Torre Florim ist ein begnadeter Entertainer, seine Bühnenpräsenz ist eine Mischung aus Nick Cave und Freddie Mercury – aber ohne Pathos und Glorienschein. Er gibt den Conférencier mit Augenzwinkern, eher eine Parodie auf einen Rockstar, und reißt gerade dadurch das Publikum mit. Ihm ist egal, ob seine wilden Tanzschritte auf der Bühne uncool, gar albern wirken könnten, da ist er mit einem Mal ganz nah an den legendären Blues Brothers.

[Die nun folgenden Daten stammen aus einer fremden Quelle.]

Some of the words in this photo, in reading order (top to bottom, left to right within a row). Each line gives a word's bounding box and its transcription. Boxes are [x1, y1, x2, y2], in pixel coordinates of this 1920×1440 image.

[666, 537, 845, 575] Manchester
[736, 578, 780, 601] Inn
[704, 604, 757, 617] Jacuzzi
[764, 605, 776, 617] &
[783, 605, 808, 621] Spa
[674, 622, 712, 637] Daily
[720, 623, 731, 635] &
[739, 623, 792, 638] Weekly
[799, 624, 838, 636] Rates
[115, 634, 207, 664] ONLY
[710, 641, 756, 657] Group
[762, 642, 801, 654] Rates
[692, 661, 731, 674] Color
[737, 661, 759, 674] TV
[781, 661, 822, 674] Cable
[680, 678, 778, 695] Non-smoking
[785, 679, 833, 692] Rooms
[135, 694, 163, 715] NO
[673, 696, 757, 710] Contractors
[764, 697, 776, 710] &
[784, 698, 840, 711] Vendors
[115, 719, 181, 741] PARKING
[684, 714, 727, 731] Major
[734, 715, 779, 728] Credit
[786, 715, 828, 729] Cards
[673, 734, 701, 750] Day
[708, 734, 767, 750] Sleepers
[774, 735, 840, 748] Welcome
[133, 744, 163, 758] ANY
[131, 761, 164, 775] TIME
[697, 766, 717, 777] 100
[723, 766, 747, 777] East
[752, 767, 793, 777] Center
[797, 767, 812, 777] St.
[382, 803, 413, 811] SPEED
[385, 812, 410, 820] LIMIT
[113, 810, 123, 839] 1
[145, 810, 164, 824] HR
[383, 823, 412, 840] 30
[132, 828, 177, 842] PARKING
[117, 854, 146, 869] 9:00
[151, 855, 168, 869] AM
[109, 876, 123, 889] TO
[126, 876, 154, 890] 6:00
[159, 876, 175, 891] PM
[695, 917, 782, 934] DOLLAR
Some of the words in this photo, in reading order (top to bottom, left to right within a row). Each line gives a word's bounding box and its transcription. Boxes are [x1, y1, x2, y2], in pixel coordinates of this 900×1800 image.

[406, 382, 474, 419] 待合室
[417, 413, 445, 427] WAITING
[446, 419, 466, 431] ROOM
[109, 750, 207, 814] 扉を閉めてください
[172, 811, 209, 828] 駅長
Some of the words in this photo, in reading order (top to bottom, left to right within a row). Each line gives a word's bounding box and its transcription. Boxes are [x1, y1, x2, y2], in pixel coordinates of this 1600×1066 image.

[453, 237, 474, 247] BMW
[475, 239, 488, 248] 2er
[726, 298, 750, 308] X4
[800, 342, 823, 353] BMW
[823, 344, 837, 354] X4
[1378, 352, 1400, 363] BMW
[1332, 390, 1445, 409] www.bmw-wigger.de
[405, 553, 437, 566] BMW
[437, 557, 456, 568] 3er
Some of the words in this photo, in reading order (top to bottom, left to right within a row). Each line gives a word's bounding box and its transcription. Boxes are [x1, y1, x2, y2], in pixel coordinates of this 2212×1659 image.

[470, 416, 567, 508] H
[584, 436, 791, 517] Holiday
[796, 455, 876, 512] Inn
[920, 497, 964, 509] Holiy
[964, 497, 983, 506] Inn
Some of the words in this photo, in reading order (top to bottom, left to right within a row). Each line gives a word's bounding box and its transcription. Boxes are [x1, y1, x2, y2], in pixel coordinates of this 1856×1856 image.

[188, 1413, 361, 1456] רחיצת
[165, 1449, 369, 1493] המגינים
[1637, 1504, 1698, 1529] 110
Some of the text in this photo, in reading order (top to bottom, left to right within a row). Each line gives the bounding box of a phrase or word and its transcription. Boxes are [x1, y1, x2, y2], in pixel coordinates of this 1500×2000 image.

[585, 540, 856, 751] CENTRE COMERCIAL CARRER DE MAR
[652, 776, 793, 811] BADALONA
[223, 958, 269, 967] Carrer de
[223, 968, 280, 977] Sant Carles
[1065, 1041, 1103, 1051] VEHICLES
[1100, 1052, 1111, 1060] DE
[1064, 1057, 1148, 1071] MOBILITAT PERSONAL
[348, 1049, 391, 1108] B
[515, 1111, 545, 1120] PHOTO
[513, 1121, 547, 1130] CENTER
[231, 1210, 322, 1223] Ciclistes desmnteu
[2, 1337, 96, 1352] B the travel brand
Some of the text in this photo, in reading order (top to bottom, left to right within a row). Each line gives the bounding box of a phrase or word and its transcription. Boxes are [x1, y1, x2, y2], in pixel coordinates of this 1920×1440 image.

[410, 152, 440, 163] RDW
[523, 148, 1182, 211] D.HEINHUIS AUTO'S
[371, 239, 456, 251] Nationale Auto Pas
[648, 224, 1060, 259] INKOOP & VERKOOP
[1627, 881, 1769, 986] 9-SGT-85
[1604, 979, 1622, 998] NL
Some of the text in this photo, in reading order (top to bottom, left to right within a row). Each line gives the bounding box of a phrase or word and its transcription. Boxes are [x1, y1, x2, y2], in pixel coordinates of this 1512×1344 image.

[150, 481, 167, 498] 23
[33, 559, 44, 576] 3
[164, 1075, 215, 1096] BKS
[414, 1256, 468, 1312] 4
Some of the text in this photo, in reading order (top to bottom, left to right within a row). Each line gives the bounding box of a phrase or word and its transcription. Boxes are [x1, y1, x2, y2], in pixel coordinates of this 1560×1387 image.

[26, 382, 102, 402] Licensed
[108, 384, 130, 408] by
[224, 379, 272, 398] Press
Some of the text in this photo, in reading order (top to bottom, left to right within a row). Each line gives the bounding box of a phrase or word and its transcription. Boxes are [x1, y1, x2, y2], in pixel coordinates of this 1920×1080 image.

Zum oft hypnotisch repetitiven Beat kann in der Halle niemand stillstehen. Das altersmäßig breit aufgestellte Publikum, dessen Spektrum von Anfang 20 bis Mitte 60 reichen dürfte, kommt rasch in Partystimmung. Die Setlist bietet einen guten Querschnitt durch die letzten elf Schaffensjahre der Band mit einem ganz leichten Schwerpunkt auf dem 2019er-Album Bubble Gum. Von „Old MacDonald Don't Have No Farm No More“ über „Blues Is Dead” bis “Head On The Block” arbeitet man sich von 2011 bis 2022 vor. Songs vom Debüt wiederum fehlen. Bei „Pikachu“ liefern sich Torre Florim und Rocco Bell einen ironischen Dance-Battle mitten im Publikum. Unbestreitbarer Höhepunkt ist wie zu erwarten das ekstatische „Witch Doctor“, das zu einem wilden Circle Pit führt. Auch hier fällt auf, dass die vorherrschende Stimmung im Publikum die gute Laune ist. Hier wird der Pit nicht zur Kampfzone, sondern zu einem wilden Reigen grinsender Menschen aller Altersgruppen. Nach drei Zugabensongs, unter anderem dem treibenden „Kitty Kitty“, verabschiedet sich Torre mit den Worten „We are De Staat – Don’t forget to have fun!“
Sinn für Humor hilft dann auch dabei, über die äußerst fragwürdige Getränkeregelung im Resonanzwerk hinwegzusehen: Hier muss man an der Theke Verzehrgutscheine in Staffelungen von je 5 Euro kaufen. Ein Bier kostet 3,50 Euro, Restbeträge werden nicht erstattet. Ein Schelm, wer hinter diesen Beträgen Methode vermutet.
Nachtrag des Autors:
Zu der Kritik an den Verzehrgutscheinen äußert sich das Resonanzwerk wie folgt:
„Bei uns kannst Du:
1. Die Beträge beim nächsten Konzert wieder benutzen - das geht natürlich nur wenn Du öfter da bist
2. Den Restbetrag bar zahlen - Wenn Du also noch 2 Euro auf der Karte hast, kannst Du einfach den fehlenden Betrag bar drauf legen
3. Du kannst den Restbetrag natürlich mit anderen Karten kombinieren
4. Du kannst ein kleineres Bier nehmen - das soll heißen wenn Du z.b. nur noch 2€ Guthaben hast und ein Bier sonst 3,5€ kostet, kannst Du auch ein Bier für 2 Euro bekommen, also eine kleinere Portion.“
Vor diesem Hintergrund ist die im Konzertbericht geäußerte Kritik so nicht gerechtfertigt. Lediglich die Kommunikation darüber, wie das Verzehrgutschein-System funktioniert, könnte verbessert werden, mittels Informationen in der Halle und auf den Verzehrkarten selbst.